The Good Wife, Season 6, Episode 9, “Sticky Content”

November 16, 2014, 9:00 p.m. (EST), CBS

Peter Florrick is a piece of shit. We’ve known this for a long time; in fact, its baked right into the premise of the show, revealed in The Good Wife’s very first scene. Peter is not some permanent penitent who learned from his mistakes, at least not in the long term. He’s a cad, plain and simple, a guy who has been cheating on his wife for at least sixteen of their twenty years of marriage, and who is cheating on her still, even after he managed to claw his way back from scandal and rejuvenate his political career. Peter Florrick is a cheater. Peter Florrick is a bad man.

Of course, nothing is ever quite that simple on The Good Wife. One of the smartest things the show ever did was showing us that Peter was, in fact, a flawed man trying to make better in the years after his dalliance with a hooker was revealed. How much Peter’s finding Jesus and trying to win Alicia back was legitimate and how much was feigned for political convenience was never entirely clear, but I’ve always sort of bought that aspect of Peter’s journey. A lot of people who make big mistakes, who do something really terrible, try to be better. They hope to learn from their mistakes and to grow. Here’s the thing, though: most of them fail. Real self growth is a very difficult thing. True progress is hard won every step of the way. Backsliding is simpler. There is always an easier road to take than the high one, and most people end up on it. Peter Florrick, like his estranged wife, is much more than simply a “bad man.” He’s corrupt (though usually in fairly benign ways, give or take a stolen election), he’s a philanderer, and he’s more than a bit of a bastard. But he’s still a human being who we’ve seen try before he failed.

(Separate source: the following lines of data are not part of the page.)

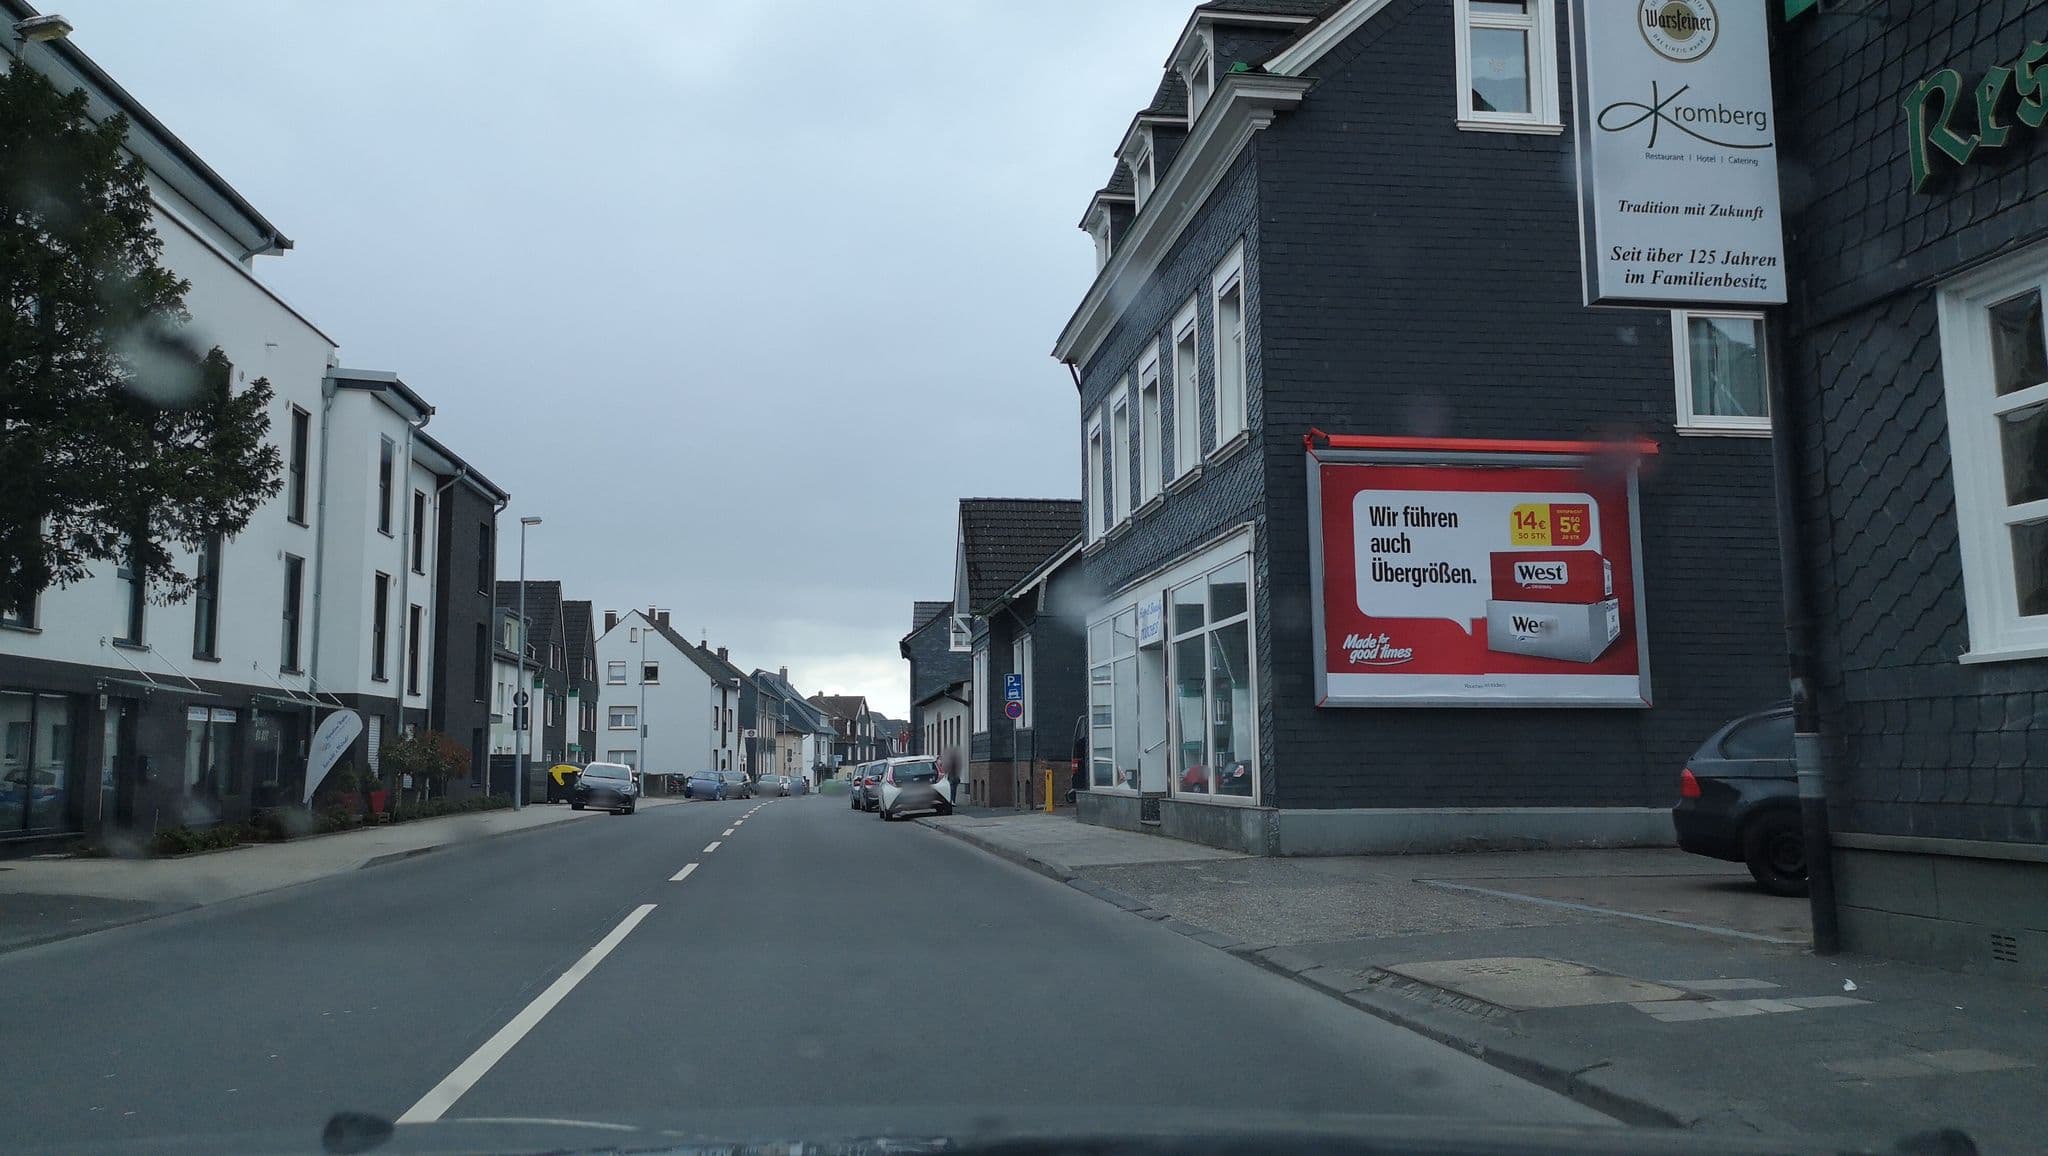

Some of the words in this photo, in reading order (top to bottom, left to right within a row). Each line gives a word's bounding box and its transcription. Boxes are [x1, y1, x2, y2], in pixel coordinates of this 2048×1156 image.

[1645, 8, 1712, 31] Warsteiner
[1597, 80, 1773, 148] Kromberg
[1645, 152, 1684, 161] Restaurant
[1696, 155, 1716, 163] Hotel
[1728, 156, 1759, 167] Catering
[1618, 200, 1680, 214] Tradition
[1684, 203, 1705, 216] mit
[1709, 203, 1764, 221] Zukunft
[1610, 245, 1642, 262] Seit
[1646, 247, 1683, 263] über
[1688, 250, 1716, 265] 125
[1720, 250, 1777, 267] Jahren
[1624, 269, 1644, 284] im
[1651, 270, 1768, 290] Familienbesitz
[1369, 506, 1399, 527] Wir
[1402, 506, 1458, 528] führen
[1370, 532, 1411, 553] auch
[1518, 532, 1529, 540] 50
[1531, 532, 1546, 540] STK
[1371, 557, 1477, 588] Übergrößen.
[1518, 565, 1564, 581] West
[1342, 633, 1377, 650] Made
[1378, 633, 1390, 644] for
[1349, 644, 1379, 664] good
[1007, 676, 1015, 686] P
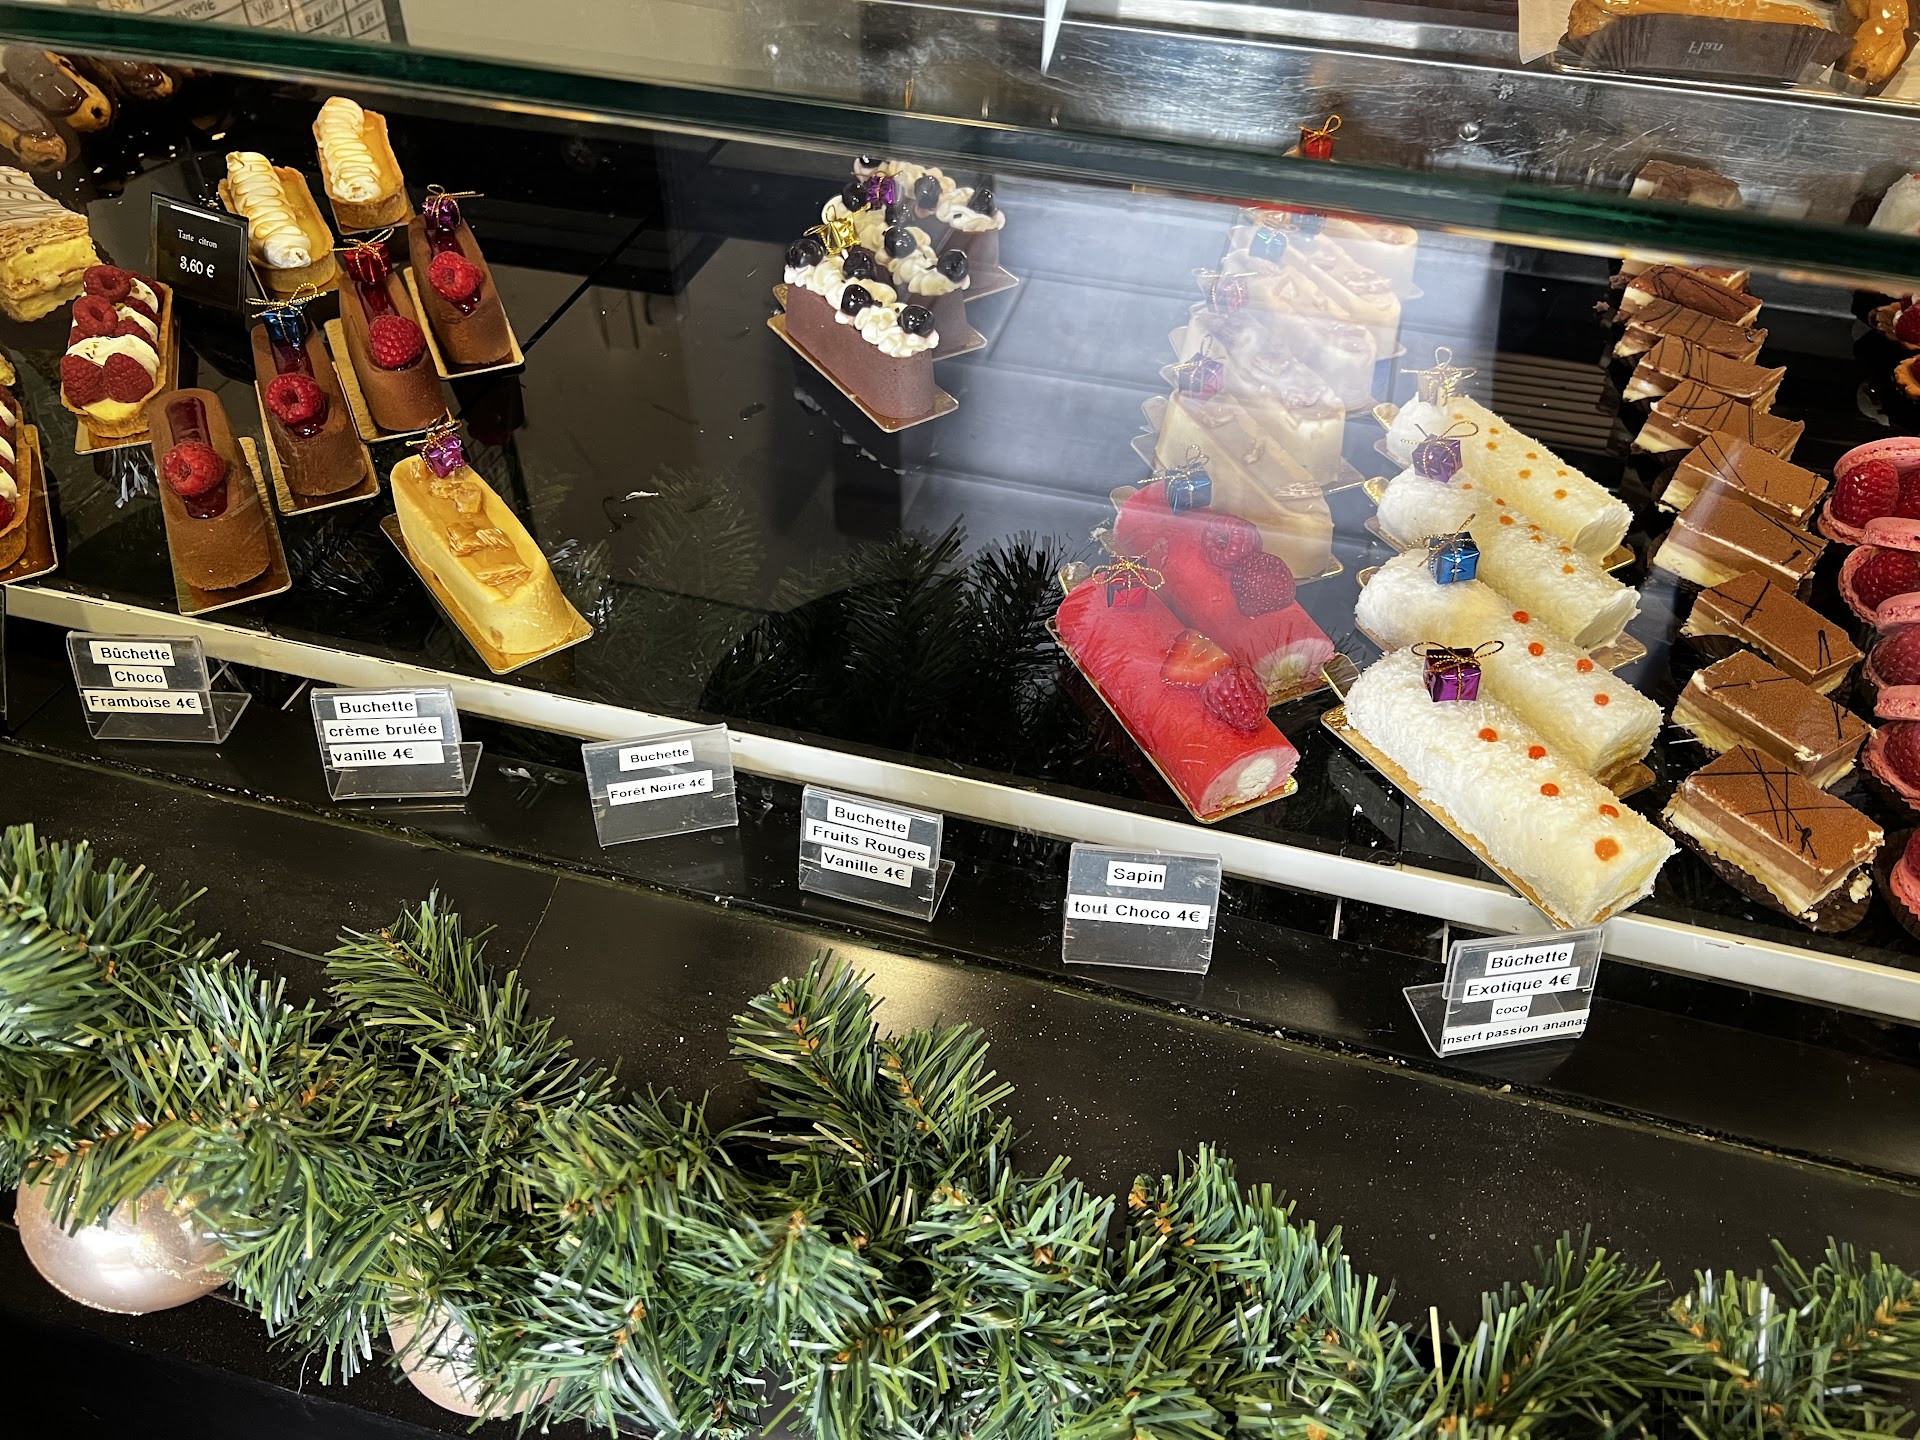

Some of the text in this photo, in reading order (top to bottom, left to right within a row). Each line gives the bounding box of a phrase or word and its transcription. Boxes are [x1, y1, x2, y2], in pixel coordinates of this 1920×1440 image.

[177, 229, 218, 249] Tarte citron
[179, 255, 215, 278] 3,60 €
[100, 646, 170, 661] Bûchette
[114, 670, 163, 683] Choco
[89, 695, 196, 709] Framboise 4€
[339, 700, 414, 714] Buchette
[329, 723, 437, 737] crème brulée
[332, 747, 414, 762] vanille 4€
[630, 748, 690, 763] Buchette
[610, 777, 706, 799] Forêt Noire 4€
[835, 806, 906, 833] Buchette
[813, 825, 926, 861] Fruits Rouges
[824, 852, 906, 880] Vanille 4€
[1113, 867, 1163, 884] Sapin
[1074, 901, 1201, 923] tout Choco 4€
[1491, 950, 1568, 969] Bûchette
[1467, 973, 1572, 996] Exotique 4€
[1495, 1004, 1528, 1015] coco
[1443, 1017, 1589, 1045] insert passion ananas

This is all a necessary reminder to keep this review from devolving into a rant about Peter’s idiocy and selfish horn-doggery, because make no mistake: You cheat on Alicia Florrick once, you’re a fool, but to do it consistently and brazenly puts you on my list. Again, I can be even-handed here: Peter and Alicia are together in name only, and they do, technically, have an understanding about the possibility of seeing other people. But Peter isn’t just “seeing other people”: he’s having an affair with an employee whose daughter is probably his, and he’s not being very careful to conceal it. Like Anthony Weiner’s second batch of sexts, this starts to look less like mere infidelity (itself far from an admirable character trait) and more like stupidity. Peter has literally been photographed having an affair with a blonde woman before, when he was in a less prominent position and being less closely scrutinized. Yet here he is again, in public, leaning in close with Ramona. It’s almost like he’s flaunting it.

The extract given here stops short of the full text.